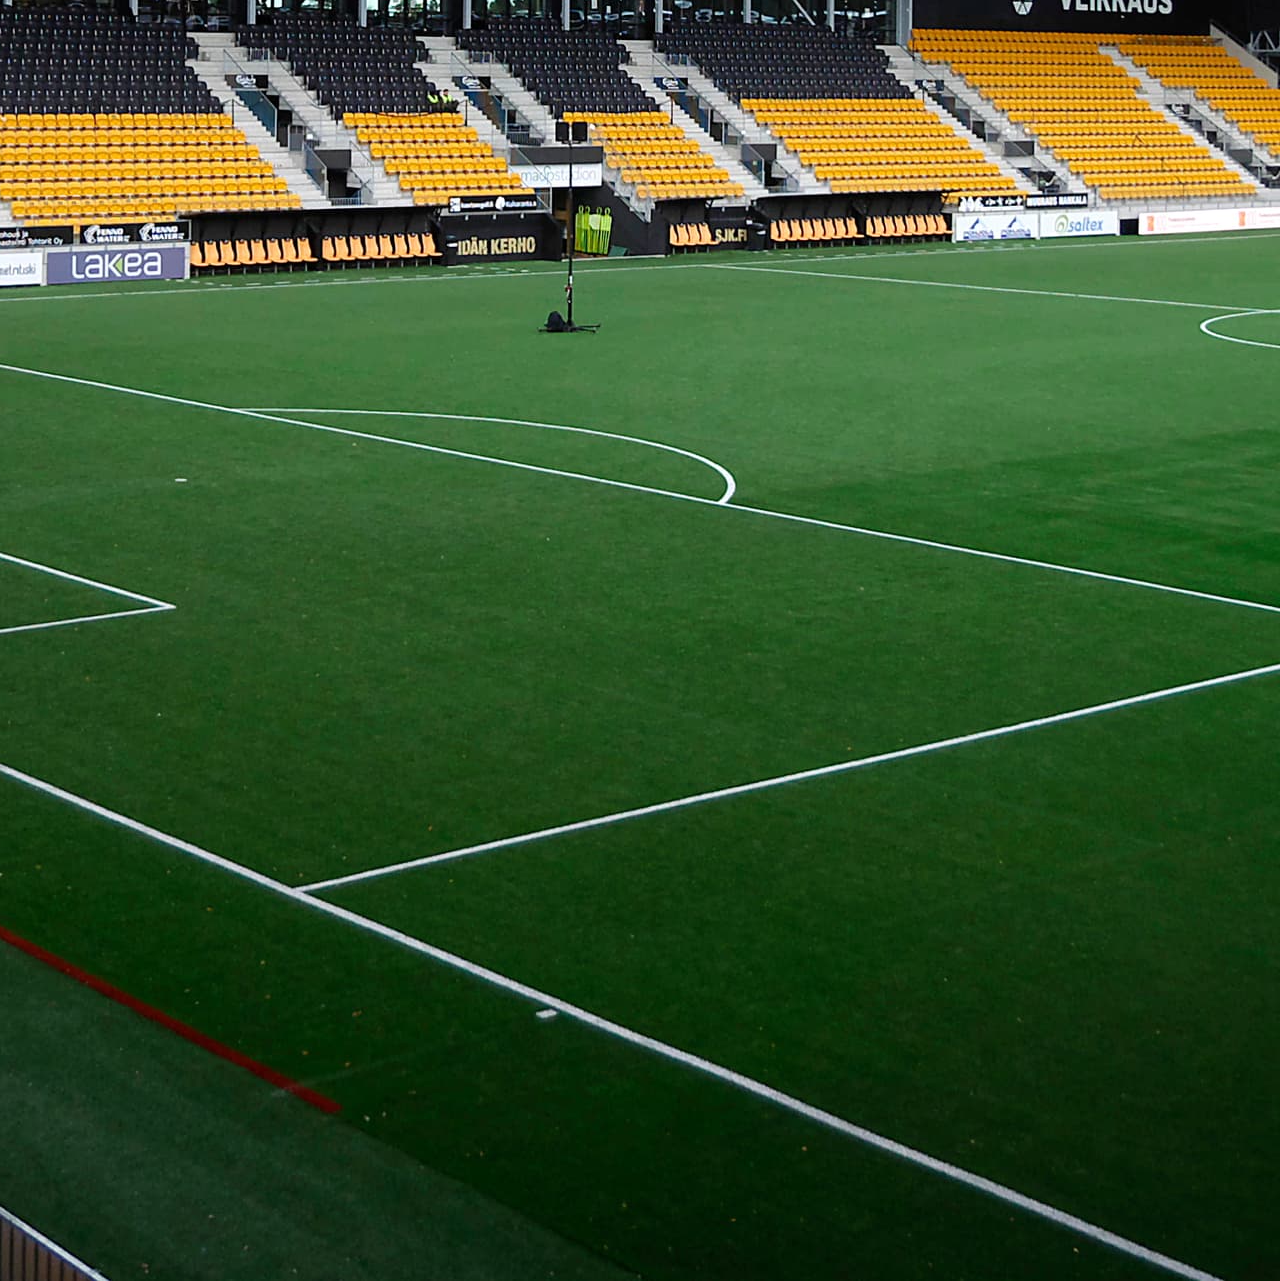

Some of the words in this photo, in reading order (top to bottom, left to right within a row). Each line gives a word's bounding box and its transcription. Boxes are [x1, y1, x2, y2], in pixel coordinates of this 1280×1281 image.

[1067, 217, 1104, 233] saltex
[53, 237, 63, 246] Oy
[715, 228, 748, 243] SJK.FI
[490, 236, 536, 255] KERHO
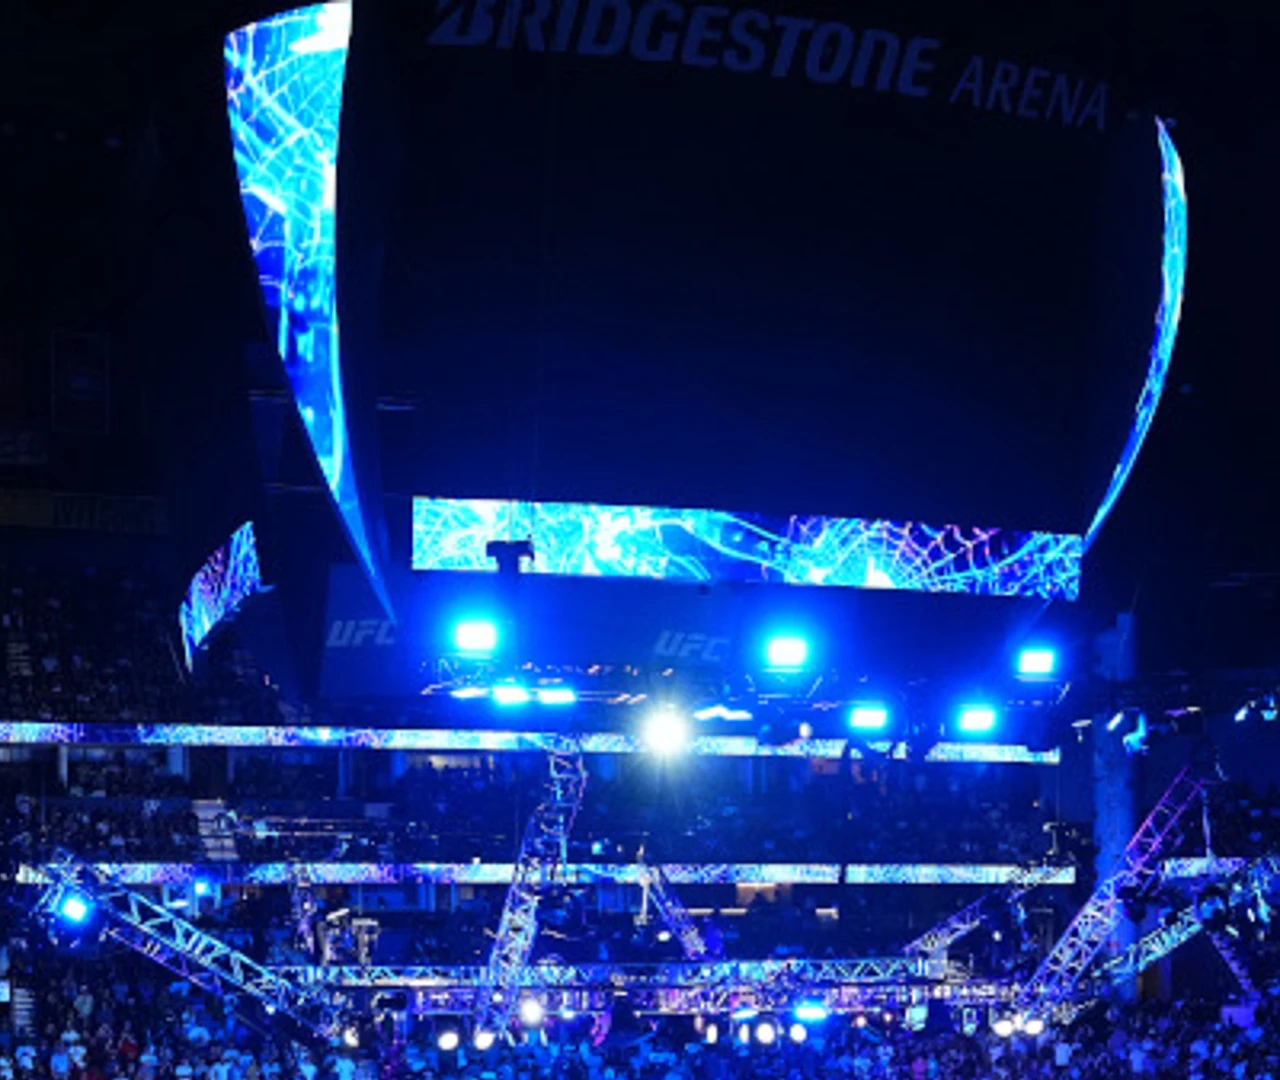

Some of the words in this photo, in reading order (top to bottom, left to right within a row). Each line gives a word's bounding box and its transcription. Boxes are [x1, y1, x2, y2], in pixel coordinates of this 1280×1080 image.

[424, 0, 941, 97] BRIDGESTONE
[951, 53, 1110, 130] ARENA
[325, 619, 397, 647] UFC
[652, 628, 732, 662] UFC
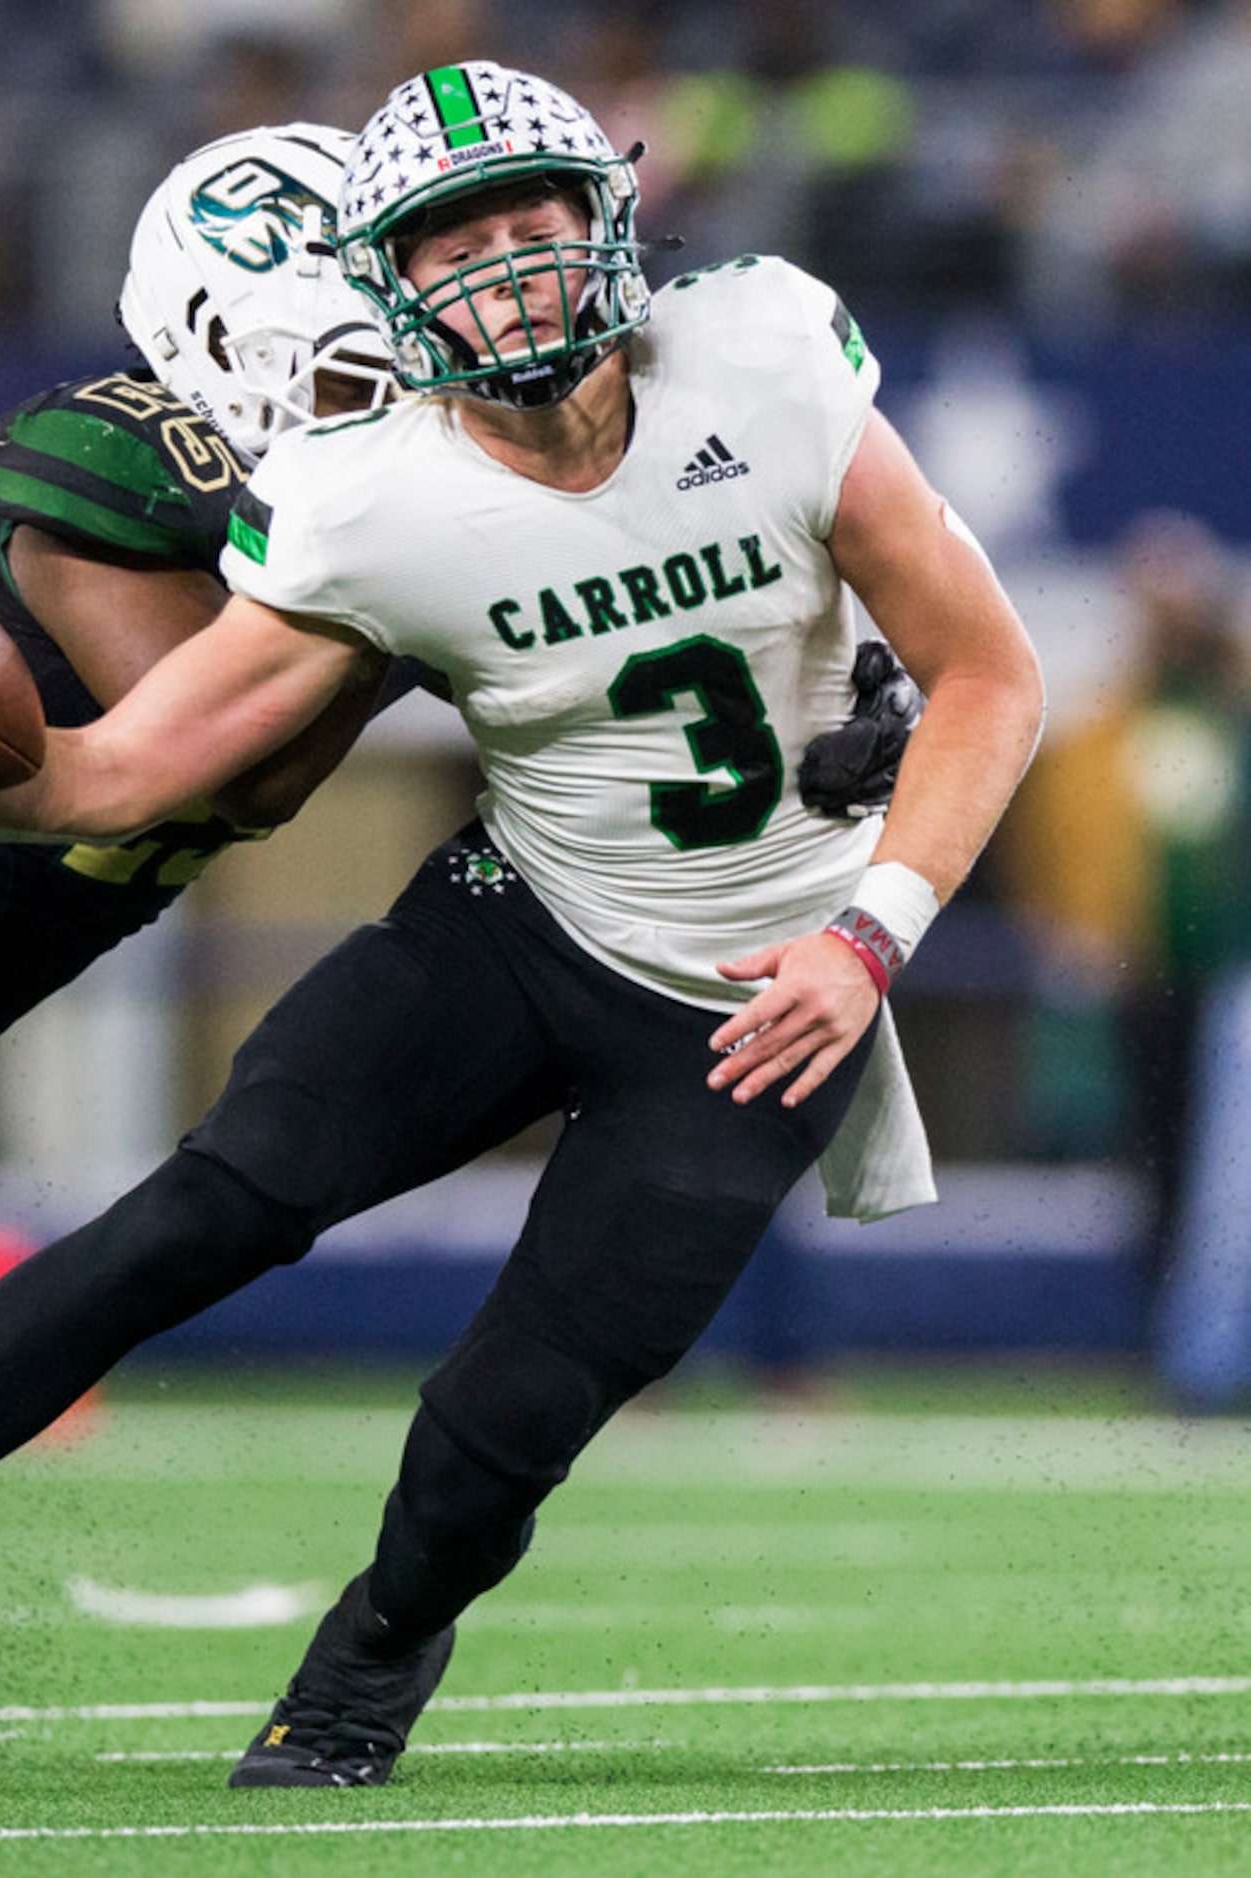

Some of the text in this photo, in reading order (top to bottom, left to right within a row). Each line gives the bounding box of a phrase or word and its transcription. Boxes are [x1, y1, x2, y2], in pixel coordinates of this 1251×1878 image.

[450, 141, 504, 166] DRAGONS
[676, 461, 750, 491] adidas
[487, 533, 782, 651] CARROLL
[606, 633, 785, 852] 3

◇ ◇ ◇ ◇ ◇

DESCRIPTION OF THE TASK: The data is to be printed again exactly, but without its pictures.

RESPONSE TO THIS EXERCISE:
Some of the words in this photo, in reading order (top to bottom, left to right within a row). Each line gives a word's bounding box and its transcription. Boxes are [x1, y1, x2, y2], in pixel coordinates of this 1280×1281 image.

[1067, 217, 1104, 233] saltex
[53, 237, 63, 246] Oy
[715, 228, 748, 243] SJK.FI
[490, 236, 536, 255] KERHO

Some of the words in this photo, in reading order (top to bottom, left to right within a row). Each line gives a word's bounding box and its transcription. Boxes are [x1, y1, x2, y2], in pixel coordinates of this 1280×1080 image.

[424, 0, 941, 97] BRIDGESTONE
[951, 53, 1110, 130] ARENA
[325, 619, 397, 647] UFC
[652, 628, 732, 662] UFC

Some of the text in this photo, in reading order (top to bottom, left to right within a row). Each line gives the bounding box of a phrase or word and its transcription. Boxes are [x1, y1, x2, y2], in pixel coordinates of this 1251×1878 image.

[450, 141, 504, 166] DRAGONS
[676, 461, 750, 491] adidas
[487, 533, 782, 651] CARROLL
[606, 633, 785, 852] 3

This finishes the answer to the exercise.